She's my sister, so I'm allowed to lock her in the closet if she complains too much.


----------



## Razzy (Dec 22, 2010)

OT, but Randy, you always have such hilarious avatars.


----------



## aslsmm (Dec 22, 2010)

ghstofperdition said:


> Between this and my own personal experiences, I doubt I'll ever work with a female singer. If that makes me sexist, then guilty as charged.
> 
> Seriously though, I've had a female singer..... WHO KNEW NOTHING ABOUT MUSIC......ask us to do covers of songs that clearly have electronica in the background and we were just a regular 5 piece band. And when there was a particularly hard bassline that my buddy Jeff couldn't nail off the top of his head, the bitch started complaining to everybody about how bad he sucks. Really? The man has been playing bass since you were still gliding through the hole in your dad's condom. Yet you wanna bitch about his apparent lack of talent?
> 
> ...


 
the first time i tried to play live, my sister was going to sing. i was going to be on lead guitar. my dad on bass, my bro on drums, my friend/guitar teacher monte on guitar. we wear allowed 5 songs wich was perfect cause that left 1 song per person. we were all going to be respectful to the other player abilities and not try to pull some really hard songs for any one. now i have sung pleanty of times, i find nailing a guitar riff more difficult than singing my version of a song. i asked my sister to do guerilla radio, no. edisons medacine? no. renegade? no. turns out she was only willing to sing pat benetar songs. i like pat but.......hmmmm. girl singers + stage= shitty music and drama.

except randy's band.


----------



## ChrisOfTheSky (Dec 22, 2010)

Guys this is fake. You do know that right?! Lol...


----------



## Scar Symmetry (Dec 22, 2010)

Randy said:


> She was already clearly a self-centered cunt by the time "Everybody's Fool" was out.

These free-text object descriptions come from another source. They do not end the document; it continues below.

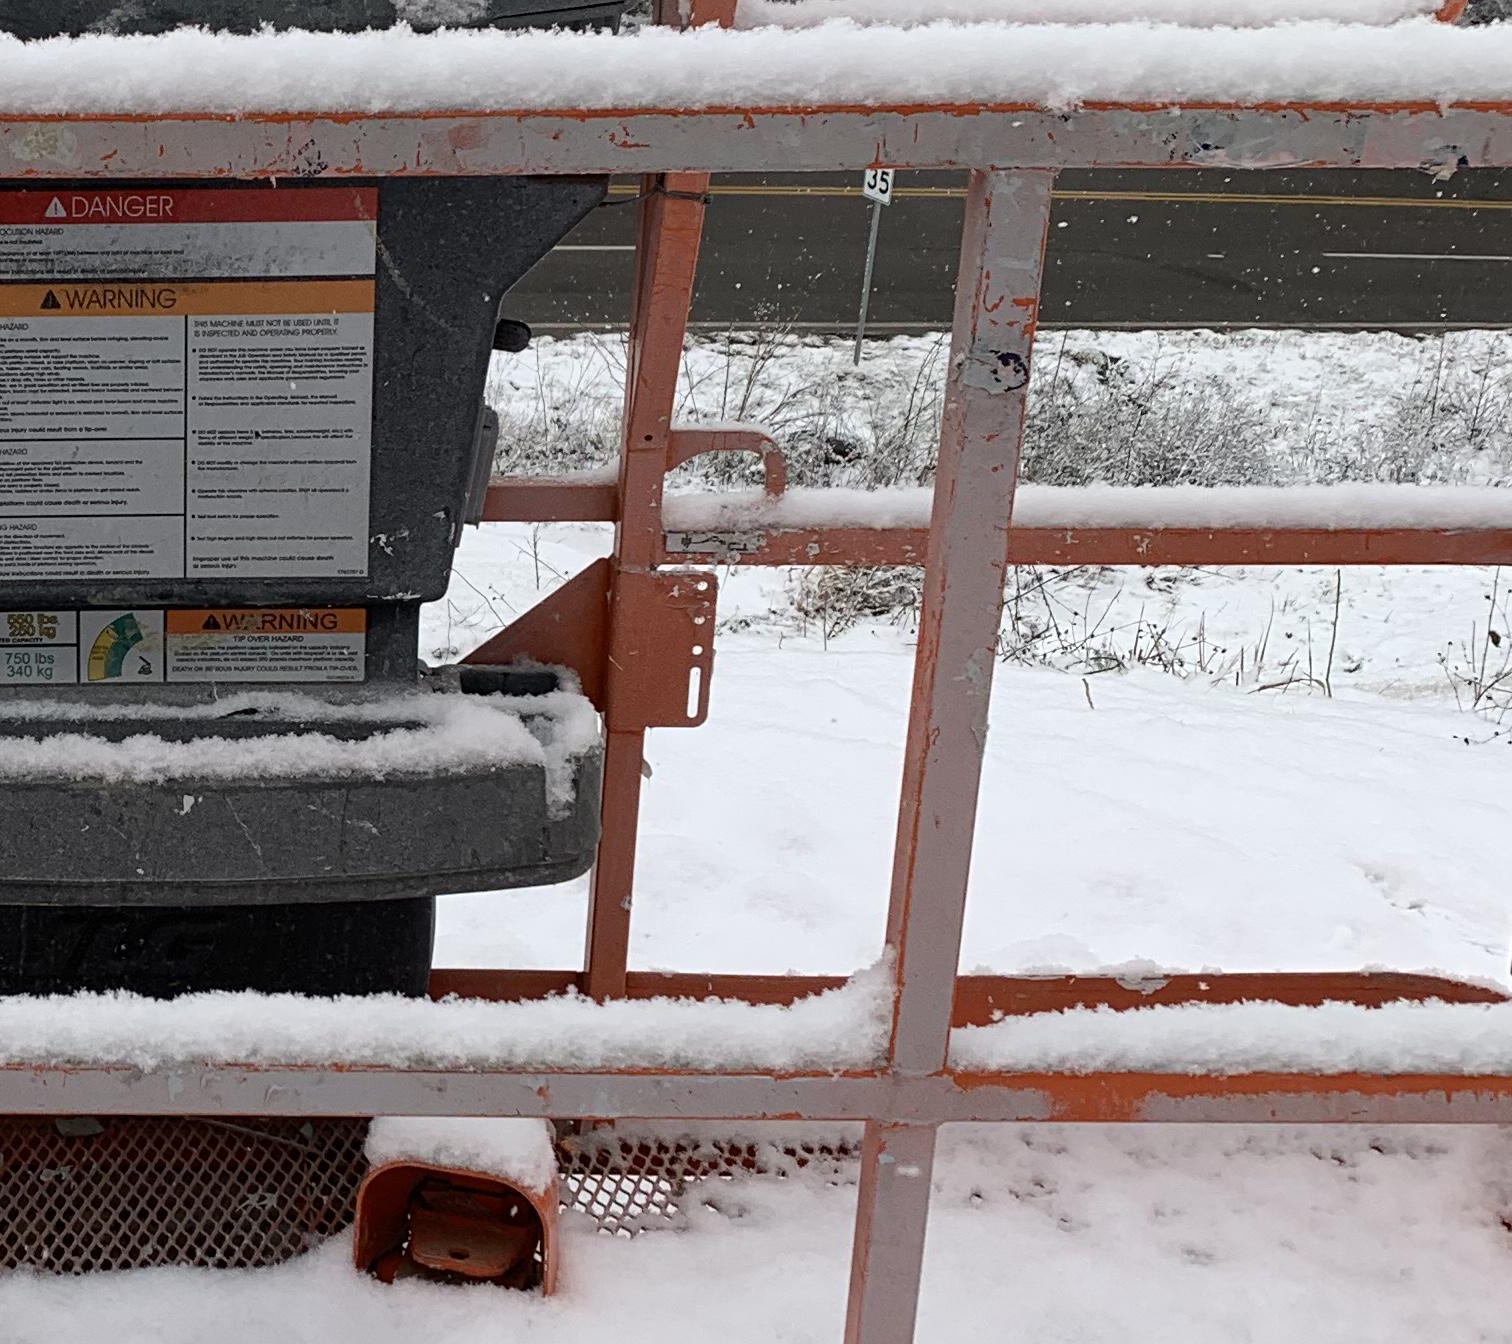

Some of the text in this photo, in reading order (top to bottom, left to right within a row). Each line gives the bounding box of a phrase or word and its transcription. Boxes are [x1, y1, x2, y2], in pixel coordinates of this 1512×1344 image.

[867, 169, 890, 194] 35
[71, 195, 174, 217] DANGER
[35, 227, 64, 236] HAZARD
[65, 288, 177, 309] WARNING
[0, 322, 29, 331] HAZARD
[246, 319, 264, 327] MUST
[266, 319, 282, 327] NOT
[282, 319, 291, 327] BE
[313, 318, 332, 326] UNTIL
[202, 329, 240, 337] INSPECTED
[242, 329, 258, 337] AND
[0, 448, 28, 456] HAZARD
[9, 523, 38, 531] HAZARD
[8, 624, 56, 639] 250 kg
[5, 652, 55, 664] 750 lbs
[6, 665, 53, 680] 340 kg

I was honestly shocked to see Mr. Niceguy use the C word. You must hate her something awful.


----------



## Randy (Dec 22, 2010)

Razzy said:


> OT, but Randy, you always have such hilarious avatars.

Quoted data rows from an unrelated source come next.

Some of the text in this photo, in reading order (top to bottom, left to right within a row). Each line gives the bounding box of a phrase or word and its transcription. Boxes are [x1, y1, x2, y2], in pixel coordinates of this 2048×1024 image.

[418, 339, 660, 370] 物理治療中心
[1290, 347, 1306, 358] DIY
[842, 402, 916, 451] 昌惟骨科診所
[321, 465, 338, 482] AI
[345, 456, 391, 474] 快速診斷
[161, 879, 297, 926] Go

Why, thank you. You've got a rather sexy avatar yourself.


----------



## Razzy (Dec 22, 2010)

ChrisOfTheSky said:


> Guys this is fake. You do know that right?! Lol...


 
What makes you think it's fake?


----------



## aslsmm (Dec 22, 2010)

^^ no way man. girls really do fuck up bands, that is not fake. her tits were regretably not fake either. ohhh you must have ment their talent as a band was fake. ok, i get it.

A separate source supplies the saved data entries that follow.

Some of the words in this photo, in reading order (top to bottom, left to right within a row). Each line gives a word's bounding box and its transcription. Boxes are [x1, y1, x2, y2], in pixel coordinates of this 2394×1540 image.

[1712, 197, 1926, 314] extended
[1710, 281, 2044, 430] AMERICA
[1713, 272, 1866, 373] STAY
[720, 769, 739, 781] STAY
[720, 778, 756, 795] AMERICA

dammit buy the time poted my comment there was already three comments.


----------



## ChrisOfTheSky (Dec 22, 2010)

/facepalm 

ANNOUNCEMENT - Blog Detail - Paramore.net


----------



## Randy (Dec 22, 2010)

Scar Symmetry said:


> I was honestly shocked to see Mr. Niceguy use the C word. You must hate her something awful.



I've spent too much time with very angry, very drunk women with foul mouths, in my time. I also have a girlfriend who grew up in a household where football was religion.  It seems its rubbed off a little.


----------



## Randy (Dec 22, 2010)

ChrisOfTheSky said:


> /facepalm
> 
> ANNOUNCEMENT - Blog Detail - Paramore.net



That actually pisses me off more.


----------



## Scar Symmetry (Dec 22, 2010)

What so now that the Farro Bros release a statement saying how Paramore released false information they claim their blog was fake?

I smell bullshit.


----------



## aslsmm (Dec 22, 2010)

paramore was never worth 2 shits any way. but they did give us a good thread to talk about.


----------



## ChrisOfTheSky (Dec 22, 2010)

Wait wait. Found a new video. Despite what Paramore said, turns out it's real


----------



## Scar Symmetry (Dec 22, 2010)

Randy said:


> I've spent too much time with very angry, very drunk women with foul mouths, in my time. I also have a girlfriend who grew up in a household where football was religion.  It seems its rubbed off a little.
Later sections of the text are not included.